Taking A Line For A Walk: Sketching Data
Summer Semester 2012 Elective: Montana State University
with Carson Smuts
MSAAD (M.S. Advanced Architectural Design GSAPP New York) , BArch (UCT Cape Town)
The proliferation of digital design tools has resulted in an increased speed of productivity. With use of rapid prototyping for example, we are able to give over most of our testing, calculations and fabricating to the digital programs and machines available. This allows us to explore many more iterations in design than before. However, much of the potential of those iterations is never explored. We rely so much on the program to make the connections between design iterations for us, that integral opportunities of interjection by the designer are bypassed.
For example, when you draw a line by hand, the line begins a journey. At any given point during that journey, the line might take a sudden change in course, or perhaps it begins to ungulate, negotiating the obstacles in the mind of the architect.
A line drawn by hand could be seen as a processing of data. The data being processed to draw this single line is incredibly complex. It has to take into account the dynamic relationship between the architects mind, the motion of their hand and the feedback through the eye. While the product of a sketch is 2D, we need to view and understand the process of creating a sketch line as 4D. Point,Plane,Space and Time. How can we begin to understand the complexity of such a process?
It is suggested that the retina does the job of 1,000 MIPS (million of instructions per second) in computing. Based on our understanding of the retina, the human brain is said to potentially handle 100 million MIPS. Thats 100,000,000,000,000 Instructions per second! To give us some perspective. An i7 Intel processor today can handle around 0.076 million MIPS (76,000 MIPS). Just a few years ago, in 1999 a Intel Pentium III could handle only 0.002 million MIPS!
With all this powerful technology at our disposal, and given the retina only uses 0.001 million MIPS, how are we drawing our lines today? Surely we are now able to explore the potential of the lines journey in depth. Well, not actually. Even though the processing power has increased exponentially over the years, we still draw our lines using the same calculations from back in the 1990’s. We still implement vectors in our CAD programs to draw lines. A vector consists of a magnitude and direction, made up of two points with an XY value in the cartesian plane or XYZ in 3-Dimensional space.

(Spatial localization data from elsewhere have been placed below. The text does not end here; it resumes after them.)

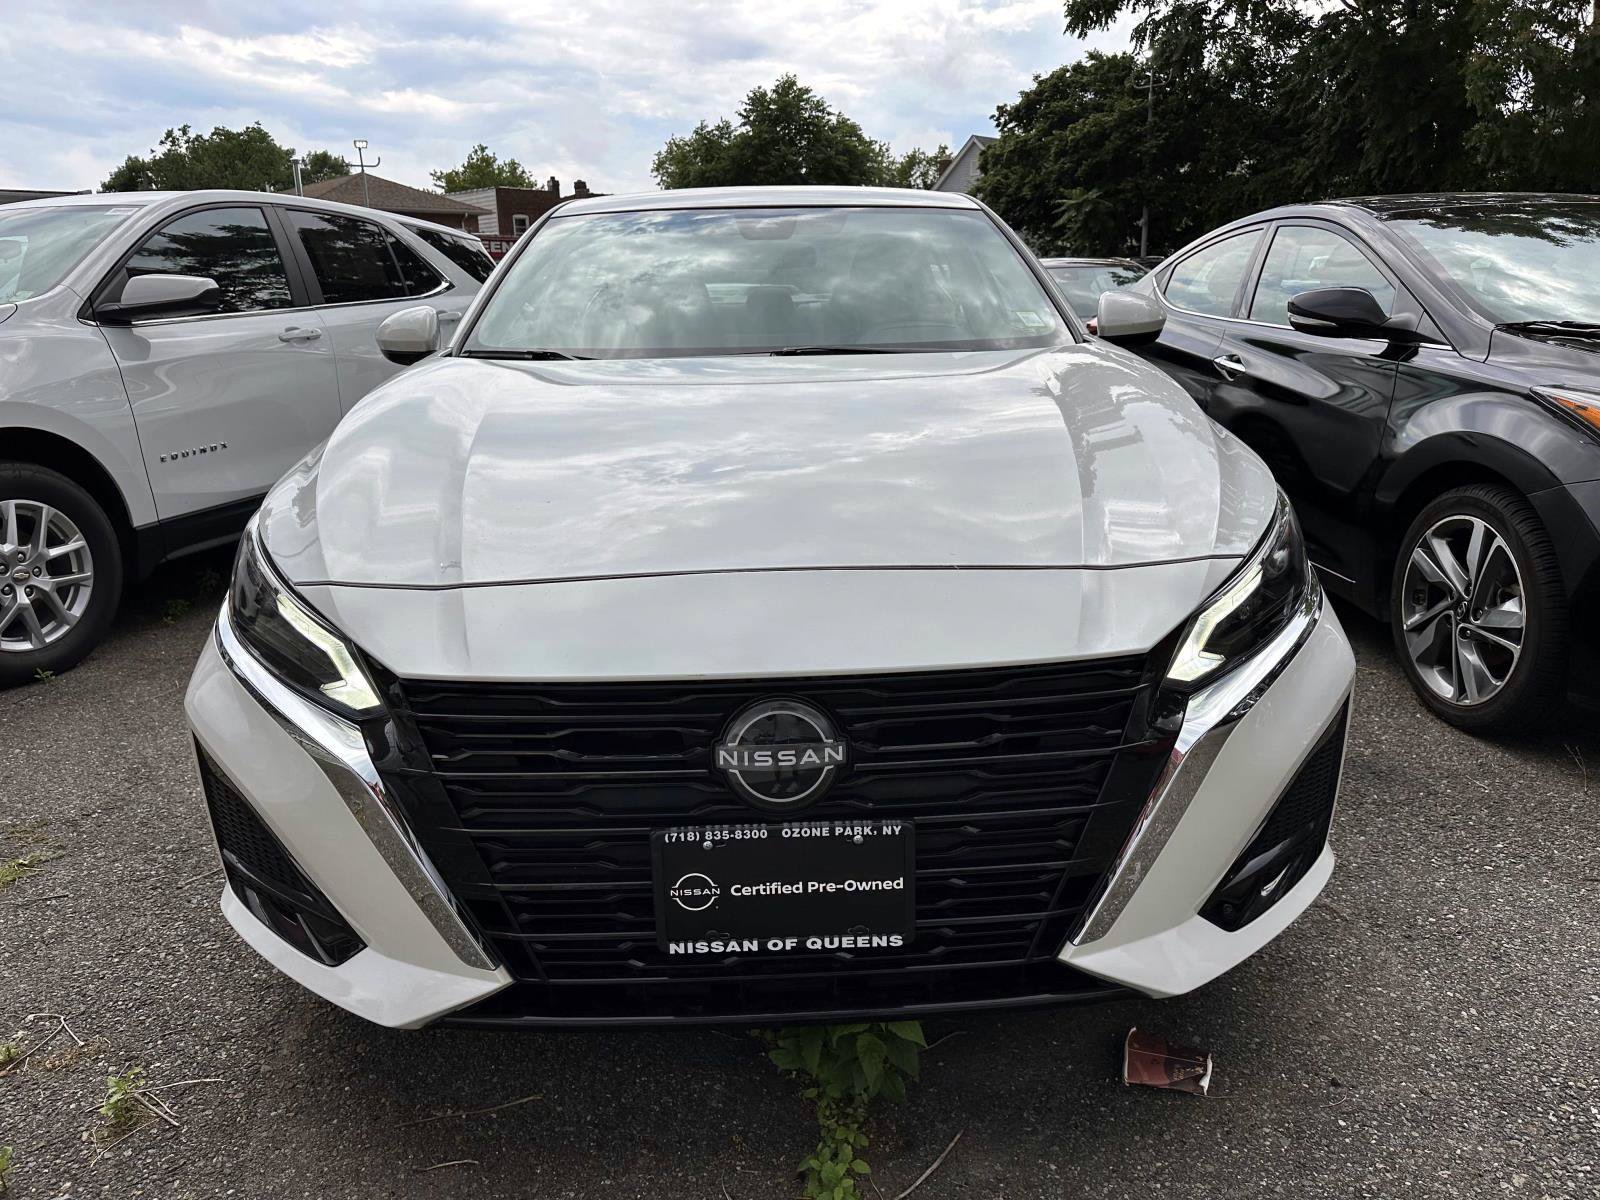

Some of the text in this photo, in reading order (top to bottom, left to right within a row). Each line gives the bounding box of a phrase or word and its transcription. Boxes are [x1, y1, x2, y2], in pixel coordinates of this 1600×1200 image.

[160, 441, 228, 463] EQUINOX
[719, 745, 843, 767] NISSAN
[664, 825, 902, 843] (718) 835-8300 OZONE PARK, NY
[670, 887, 720, 897] NISSAN
[730, 877, 904, 896] Certified Pre-Owned
[669, 935, 904, 954] NISSAN OF QUEENS

this is an incredibly simple and diluted process compared a hand drawn line. The user defines two points, by means of an input device such as a mouse, and the computer calculates the line in between. The difference between a hand drawn line and a vector is a difference in the resolution of movement. Its thousands of moves during a drawn lines journey, versus one move of a single vector. Nurbs and Bezier curves are no better, they too take into account a couple control points and interpret the line in between.
These computations for drafting are fine as they allow for accuracy and consistency when fabricating and communicating. However, we are now implement them to design. Effectively sketching inside the digital canvas with vectors, completely forgoing the potential embedded within hand sketch exploration. Hence, the chosen word SKETCH as opposed to DRAWING in the title of this course.

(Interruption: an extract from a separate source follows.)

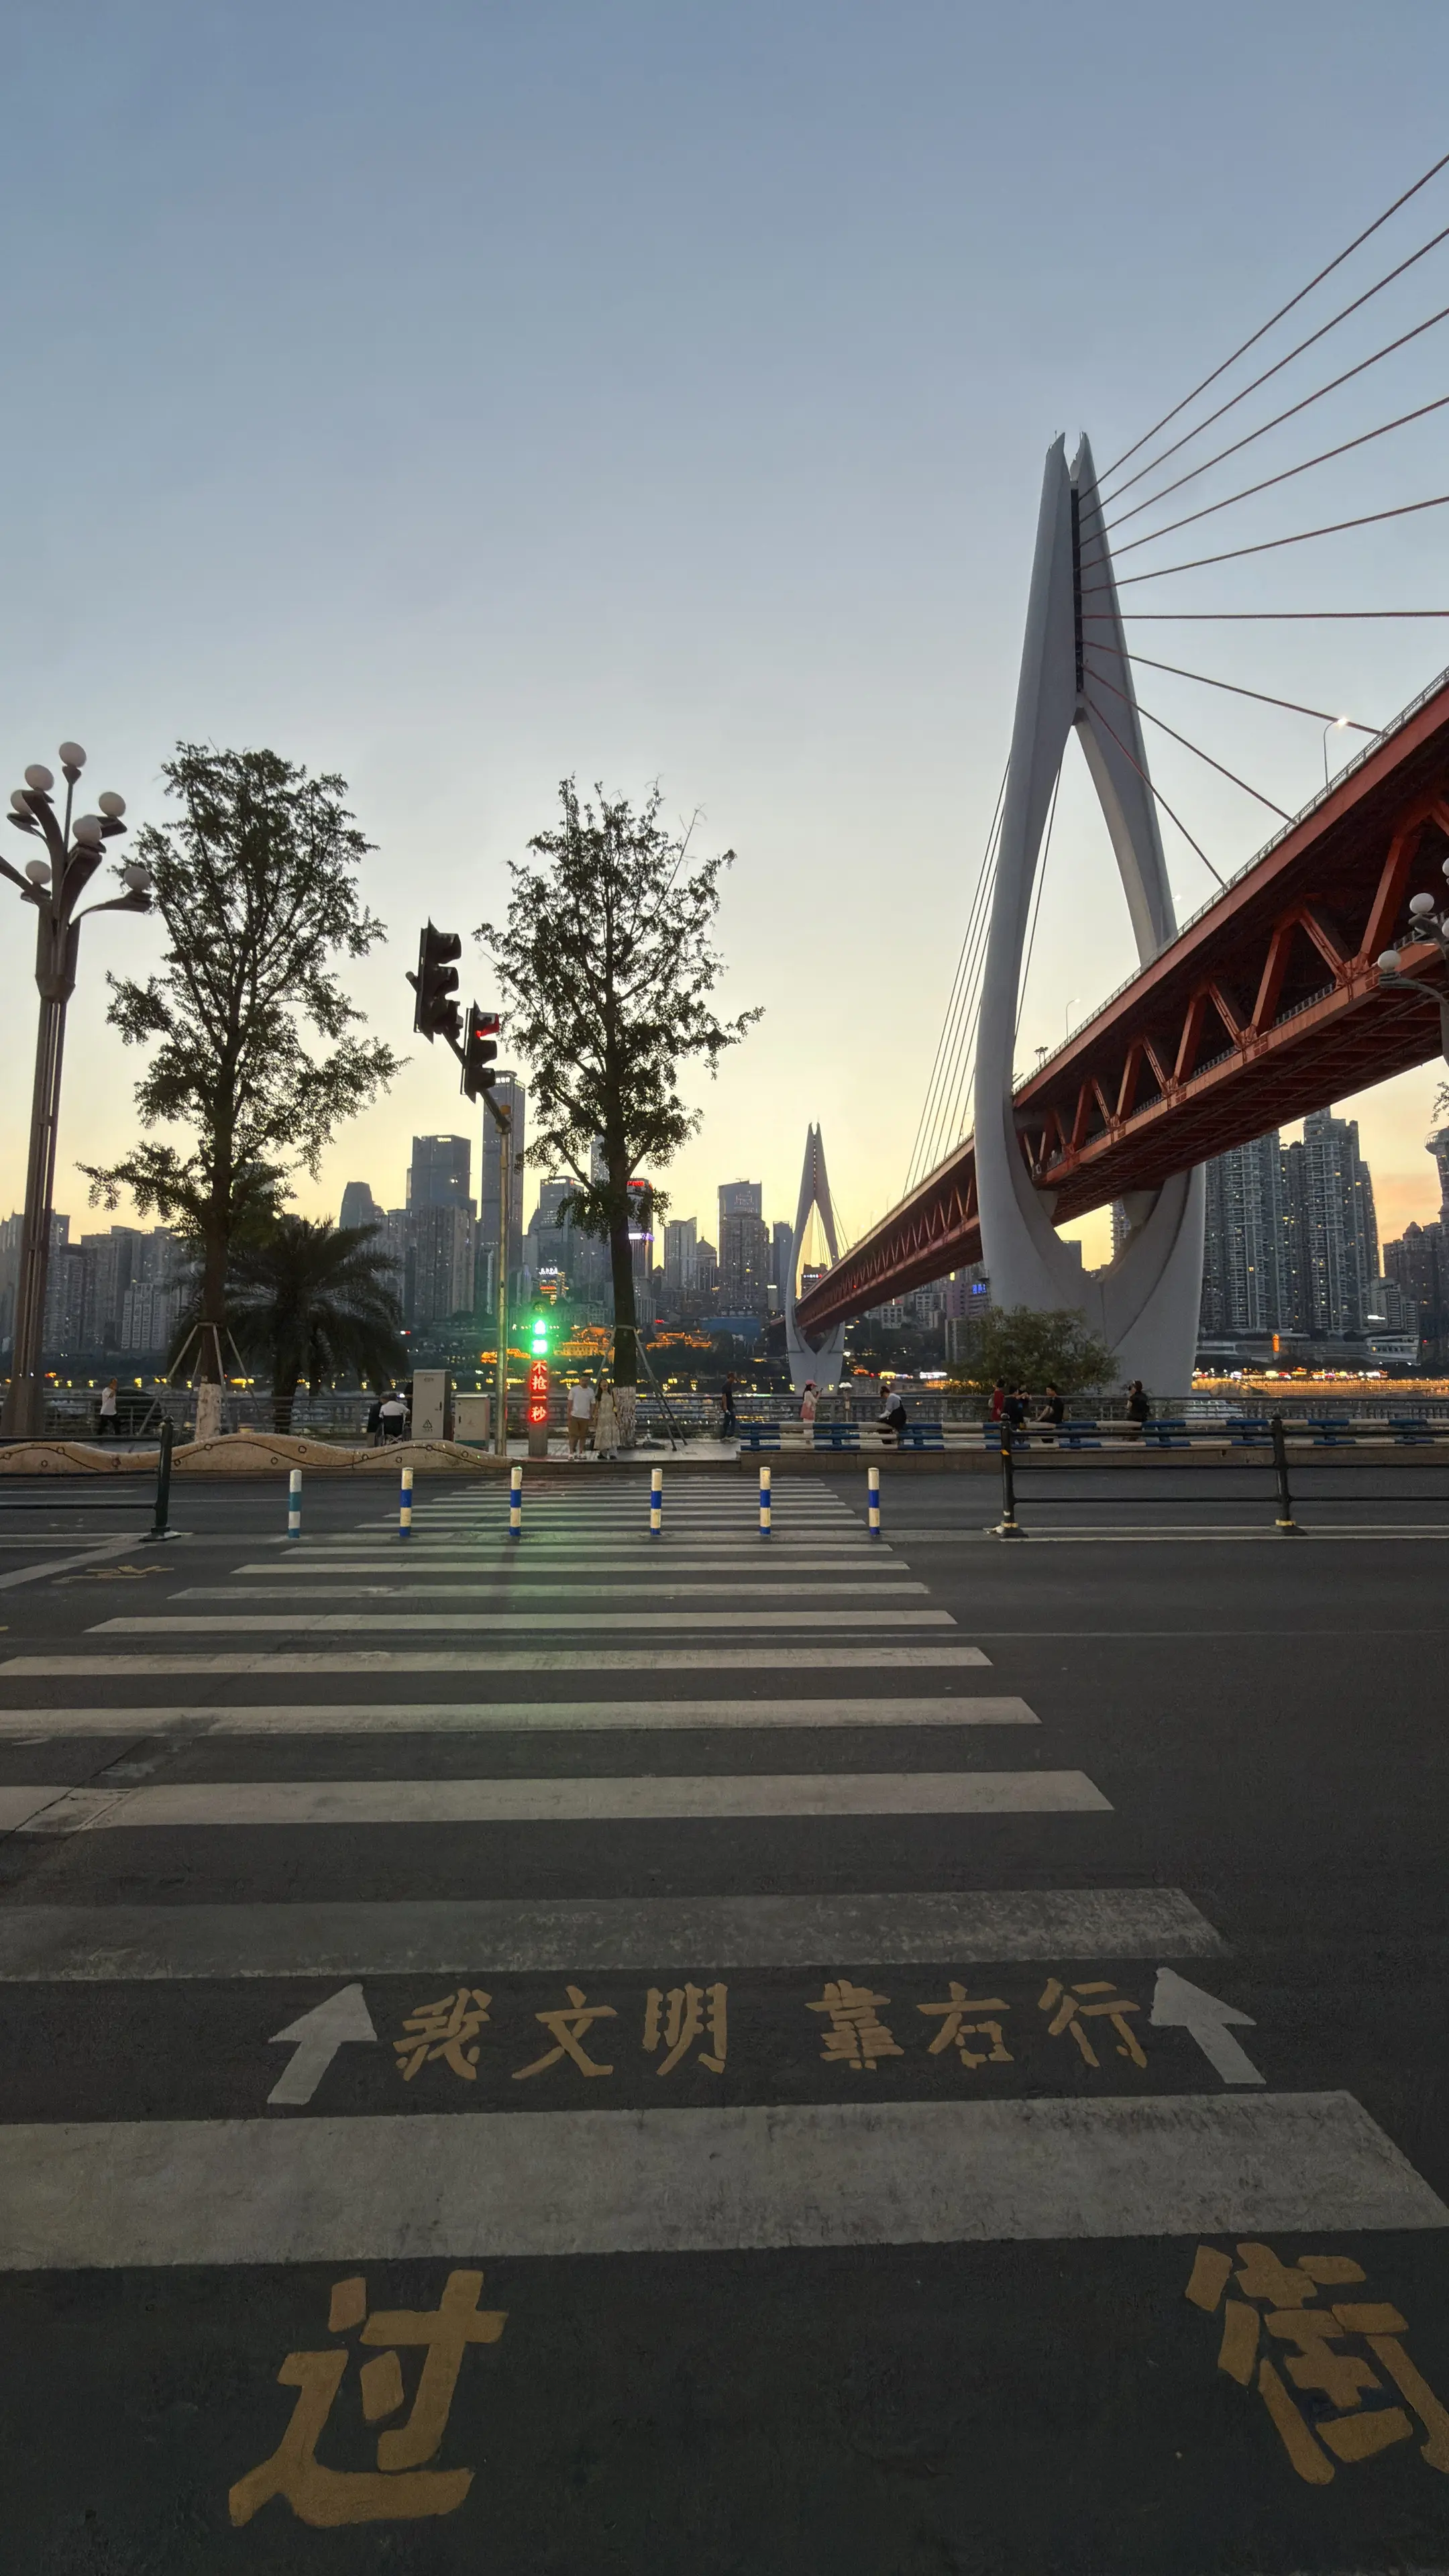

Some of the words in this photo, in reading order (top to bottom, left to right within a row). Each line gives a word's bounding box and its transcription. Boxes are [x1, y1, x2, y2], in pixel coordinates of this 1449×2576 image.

We will be exploring ways to exploit the same number of calculations and the emergent potential of a hand drawn line inside the digital canvas. We will do this through the use of procedural drawing and algorithmic processes, allowing us to journey with the line.
The student will see a fabrication project from inception to completion using Processing, Rhino and Grasshopper. They may utilize any form of rapid prototyping they wish , 3d Printing, Milling, Casting etc.
Project Conceptualization – Interjecting with the Procedural, Parametrically
The students will use Processing in order to develop their own set of tools with which to produce a set of conceptual sketches for a roof, wall or floor modular installation module. It may be one or a set of modules that work together. The purpose of the this is to realize the project from sketch design to product.
The students will have full control and understanding of the digital tools they create from scratch. More importantly, they will be able to explore the potential of any given moment during the creation of a digital sketch. This will empower the student to interject his or her design intent or alteration when ever they wish.
The students digital tool should be able to produce concept sketches in a procedural manner , while at the same time, update and alter interactively in a parametric manner.
To The Point – Under the hood of Parametric engines
Utilizing Grasshopper and Rhino, the project will move into documentation and fabrication during the last 3 weeks of the project. The student sketches will be ported over to Rhino via thousands of points into a parametric array in grasshopper. Then the students will refine these parametric models for fabrication.
The intention of this process is to teach students exactly what a point, curve and surface is in digital terms with regards to how data is read, written and calculated. Introduced into the students work flow is a high level of control over three-dimensional data.